> _WORK REQUEST_
Copy out the data below as written; omit any images.

Start of RECORDS TO USE

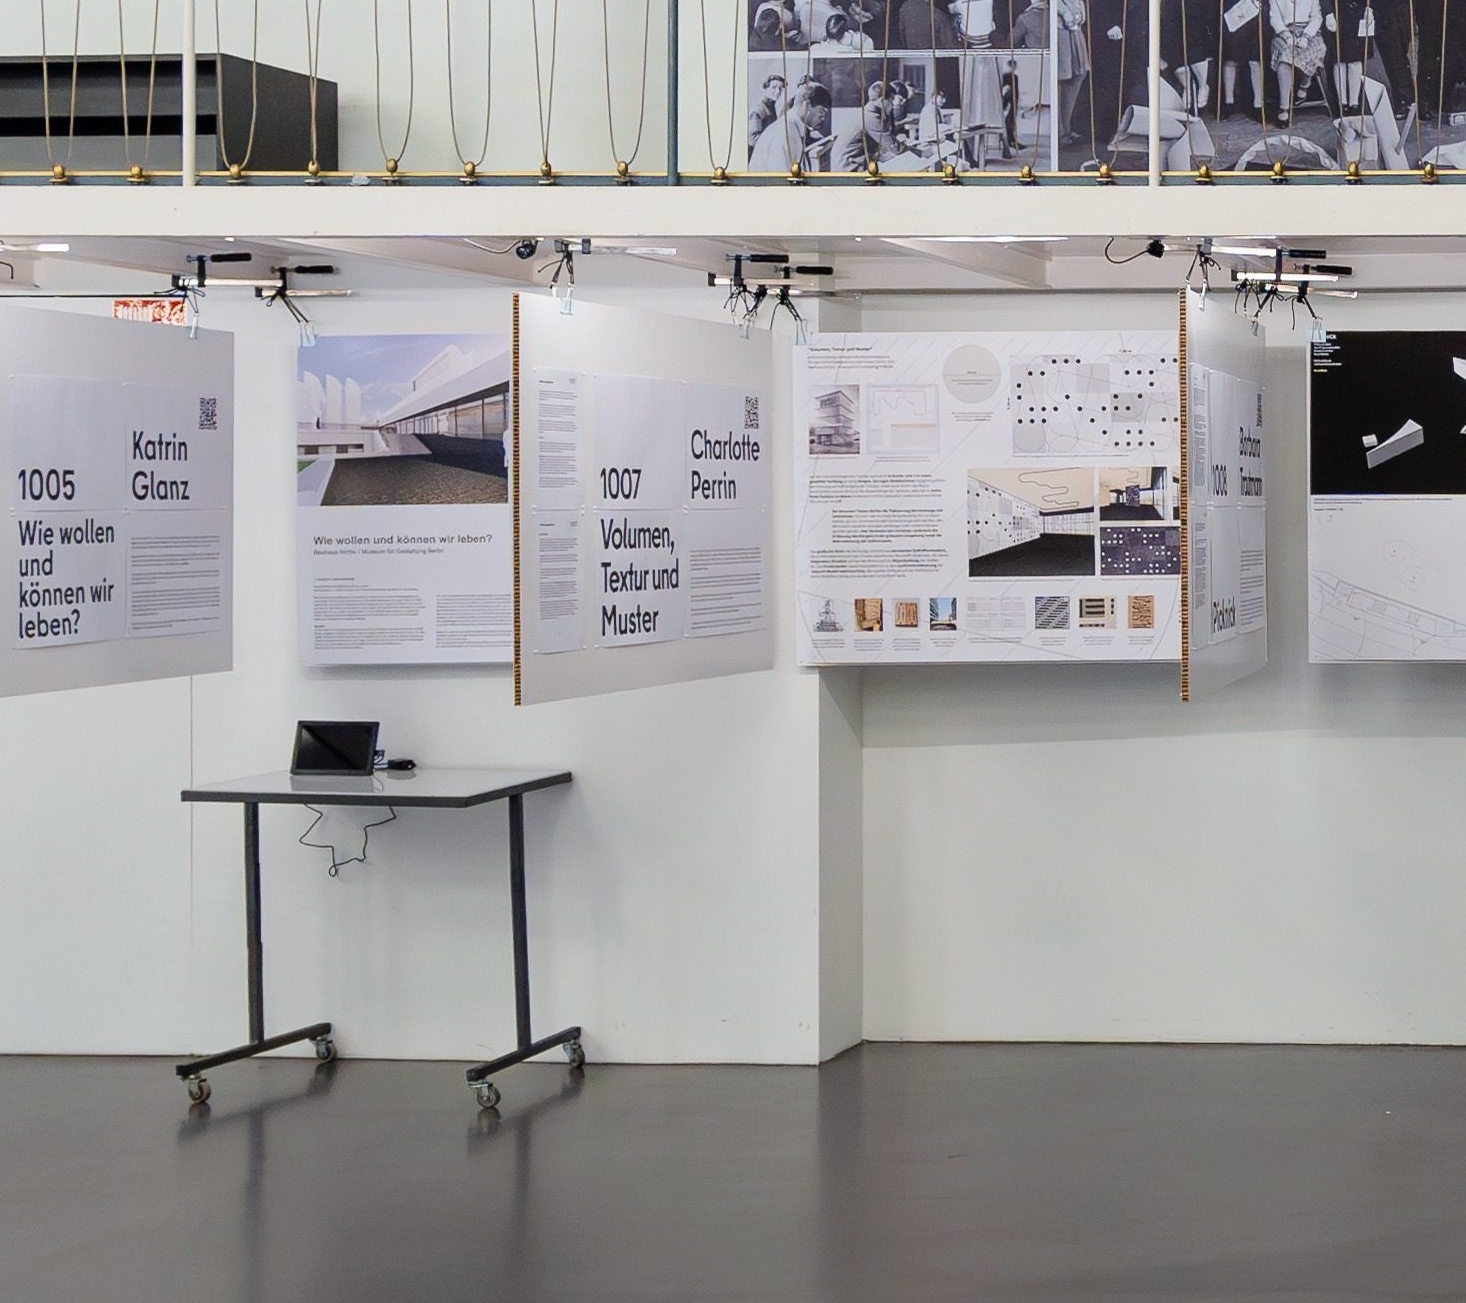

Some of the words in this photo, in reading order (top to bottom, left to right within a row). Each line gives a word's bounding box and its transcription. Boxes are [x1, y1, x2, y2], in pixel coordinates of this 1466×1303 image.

[132, 431, 188, 461] Katrin
[691, 430, 760, 462] Charlotte
[1239, 426, 1261, 459] Barbara
[18, 469, 75, 501] 1005
[132, 471, 190, 501] Glanz
[600, 468, 642, 500] 1007
[691, 470, 737, 500] Perrin
[1212, 464, 1228, 497] 1008
[18, 520, 55, 546] Wie
[59, 516, 115, 545] wollen
[313, 535, 333, 545] Wie
[336, 535, 370, 545] wollen
[373, 535, 394, 545] und
[397, 534, 435, 545] können
[439, 534, 454, 544] wir
[457, 534, 493, 544] leben?
[600, 518, 676, 555] Volumen,
[19, 550, 54, 577] und
[600, 561, 649, 594] Textur
[651, 558, 679, 591] und
[19, 582, 85, 608] können
[90, 578, 114, 603] wir
[19, 608, 80, 639] leben?
[602, 604, 660, 637] Muster

End of RECORDS TO USE

> _EXERCISE RESULT_
Some of the words in this photo, in reading order (top to bottom, left to right within a row). Each line gives a word's bounding box and its transcription. Boxes are [x1, y1, x2, y2], in pixel coordinates of this 1466×1303 image.

[132, 431, 188, 461] Katrin
[691, 430, 760, 462] Charlotte
[1239, 426, 1261, 459] Barbara
[18, 469, 75, 501] 1005
[132, 471, 190, 501] Glanz
[600, 468, 642, 500] 1007
[691, 470, 737, 500] Perrin
[1212, 464, 1228, 497] 1008
[18, 520, 55, 546] Wie
[59, 516, 115, 545] wollen
[313, 535, 333, 545] Wie
[336, 535, 370, 545] wollen
[373, 535, 394, 545] und
[397, 534, 435, 545] können
[439, 534, 454, 544] wir
[457, 534, 493, 544] leben?
[600, 518, 676, 555] Volumen,
[19, 550, 54, 577] und
[600, 561, 649, 594] Textur
[651, 558, 679, 591] und
[19, 582, 85, 608] können
[90, 578, 114, 603] wir
[19, 608, 80, 639] leben?
[602, 604, 660, 637] Muster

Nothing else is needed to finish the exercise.